→ GIVEN ENTRIES:
-----

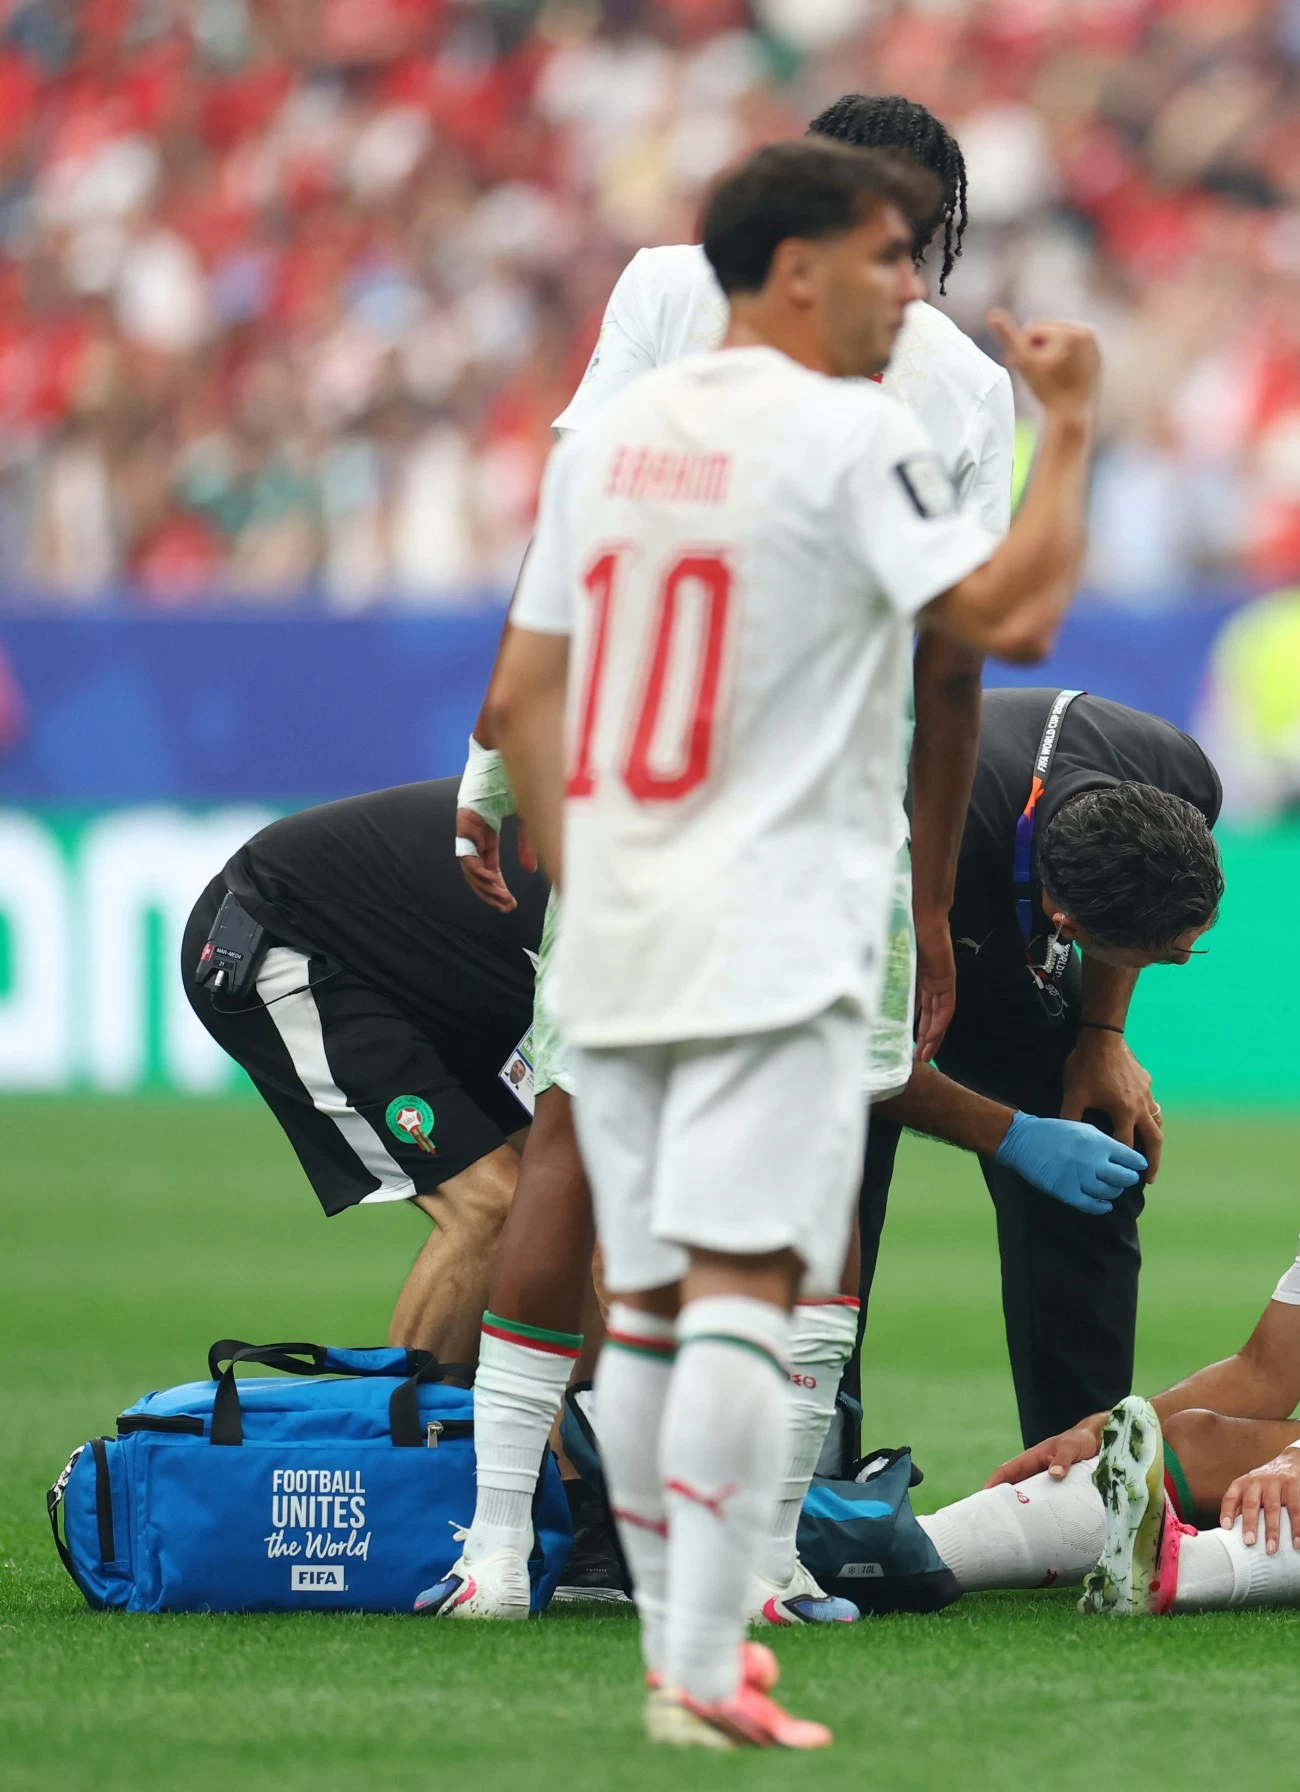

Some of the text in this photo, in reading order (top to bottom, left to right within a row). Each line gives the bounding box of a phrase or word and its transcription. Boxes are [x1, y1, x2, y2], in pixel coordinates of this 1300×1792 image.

[566, 547, 735, 803] 10
[1047, 714, 1060, 729] CUP
[1040, 728, 1056, 756] WORLD
[1037, 755, 1050, 773] FIFA
[273, 1469, 366, 1493] FOOTBALL
[272, 1495, 366, 1529] UNITES
[264, 1529, 371, 1561] the World
[298, 1571, 338, 1585] FIFA
[862, 1565, 875, 1574] 10L
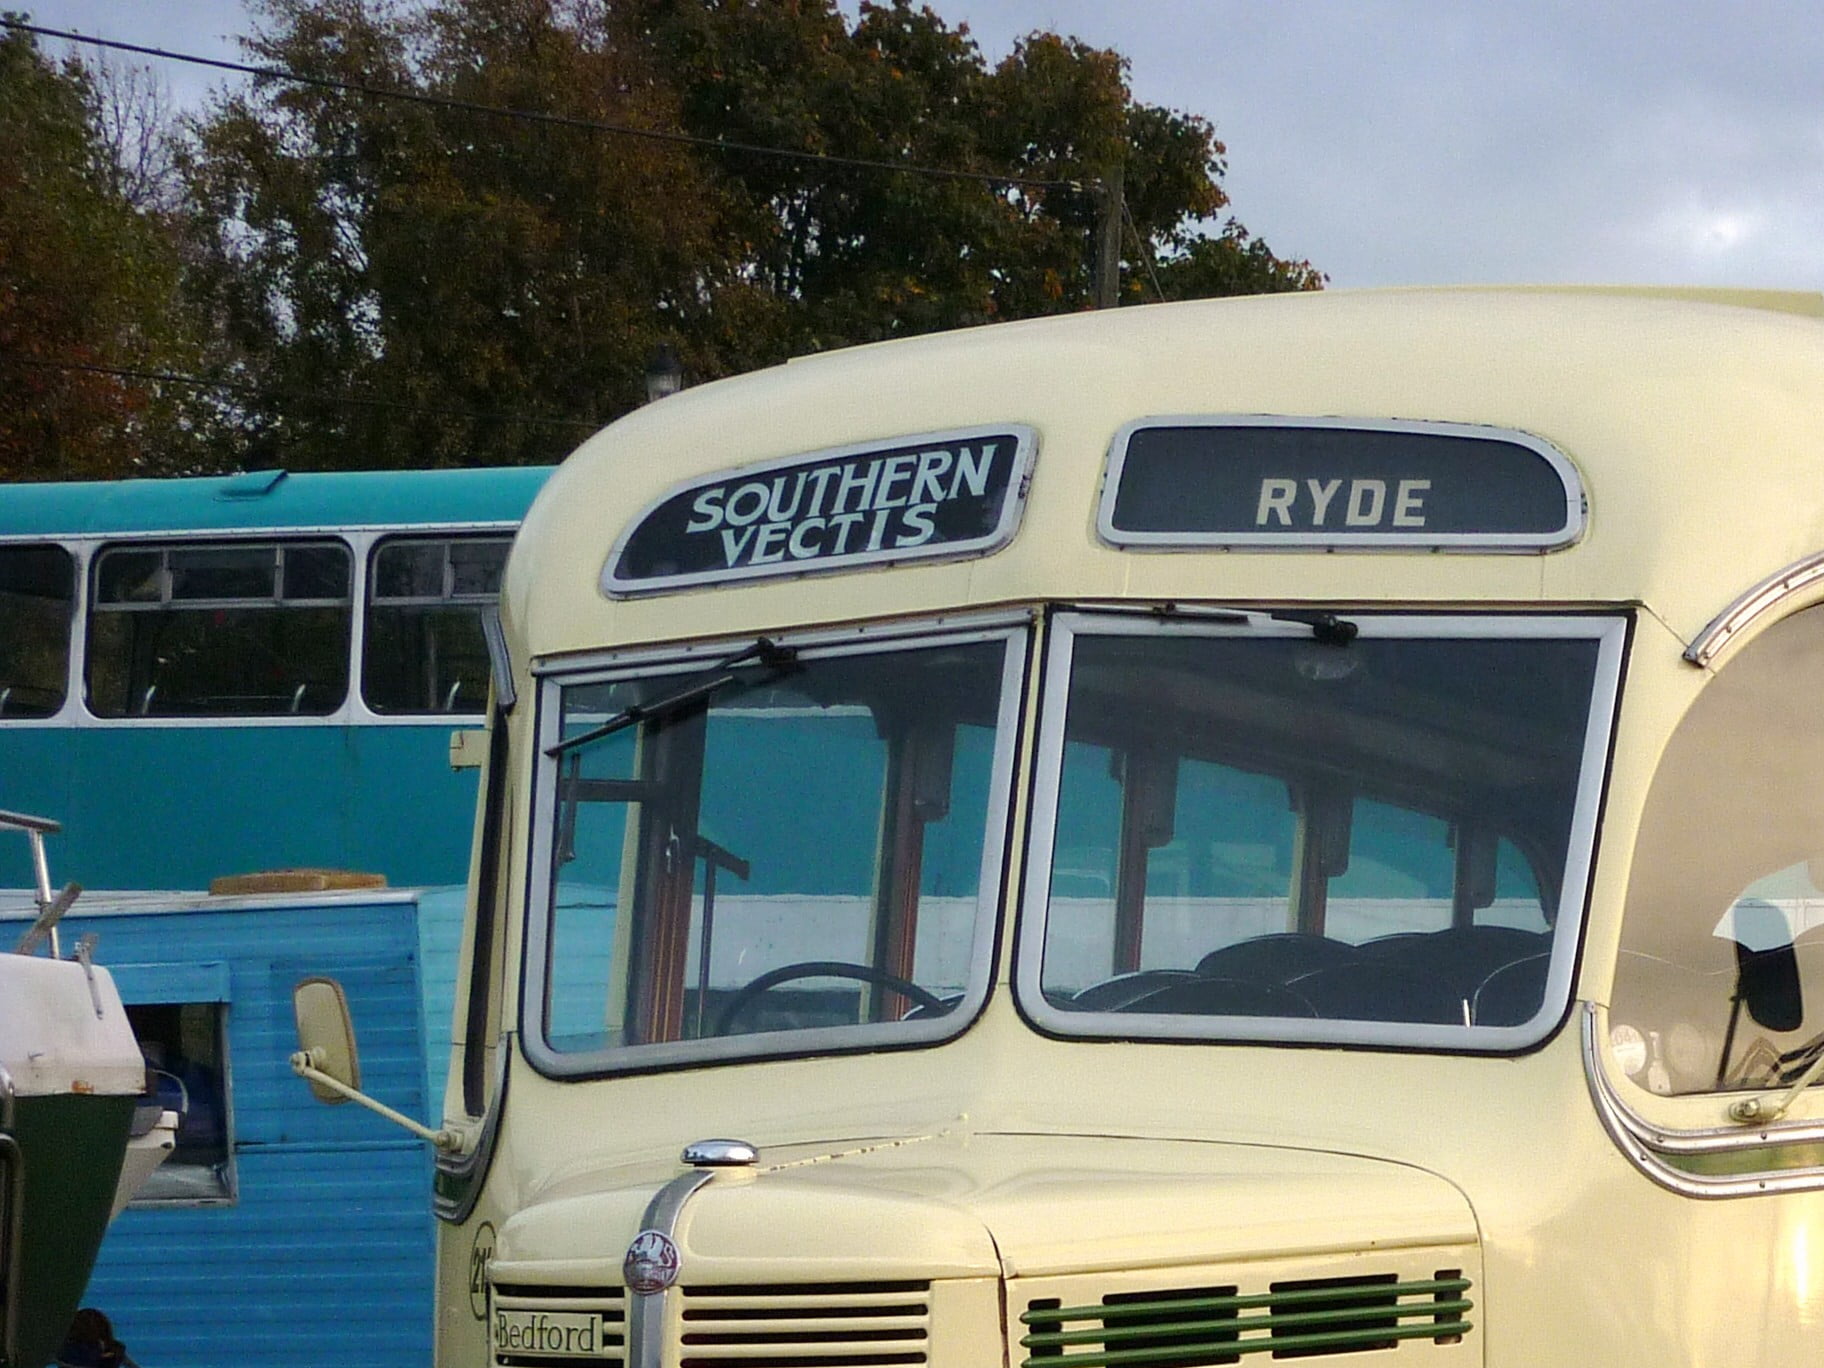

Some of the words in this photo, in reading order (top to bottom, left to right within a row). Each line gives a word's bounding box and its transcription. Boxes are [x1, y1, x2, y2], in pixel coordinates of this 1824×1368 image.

[686, 444, 998, 533] SOUTHERN
[1255, 478, 1432, 527] RYDE
[721, 503, 938, 568] VECTIS
[472, 1247, 492, 1293] 21
[499, 1314, 596, 1352] Bedford

-----

→ WHAT TO PRODUCE:
Working from the listing above, retype it exactly but include no images.

→ RESPONSE AREA:
Some of the text in this photo, in reading order (top to bottom, left to right within a row). Each line gives the bounding box of a phrase or word and its transcription. Boxes are [x1, y1, x2, y2], in pixel coordinates of this 1300×1792 image.

[566, 547, 735, 803] 10
[1047, 714, 1060, 729] CUP
[1040, 728, 1056, 756] WORLD
[1037, 755, 1050, 773] FIFA
[273, 1469, 366, 1493] FOOTBALL
[272, 1495, 366, 1529] UNITES
[264, 1529, 371, 1561] the World
[298, 1571, 338, 1585] FIFA
[862, 1565, 875, 1574] 10L

Some of the words in this photo, in reading order (top to bottom, left to right within a row). Each line gives a word's bounding box and its transcription. Boxes are [x1, y1, x2, y2], in pixel coordinates of this 1824×1368 image.

[686, 444, 998, 533] SOUTHERN
[1255, 478, 1432, 527] RYDE
[721, 503, 938, 568] VECTIS
[472, 1247, 492, 1293] 21
[499, 1314, 596, 1352] Bedford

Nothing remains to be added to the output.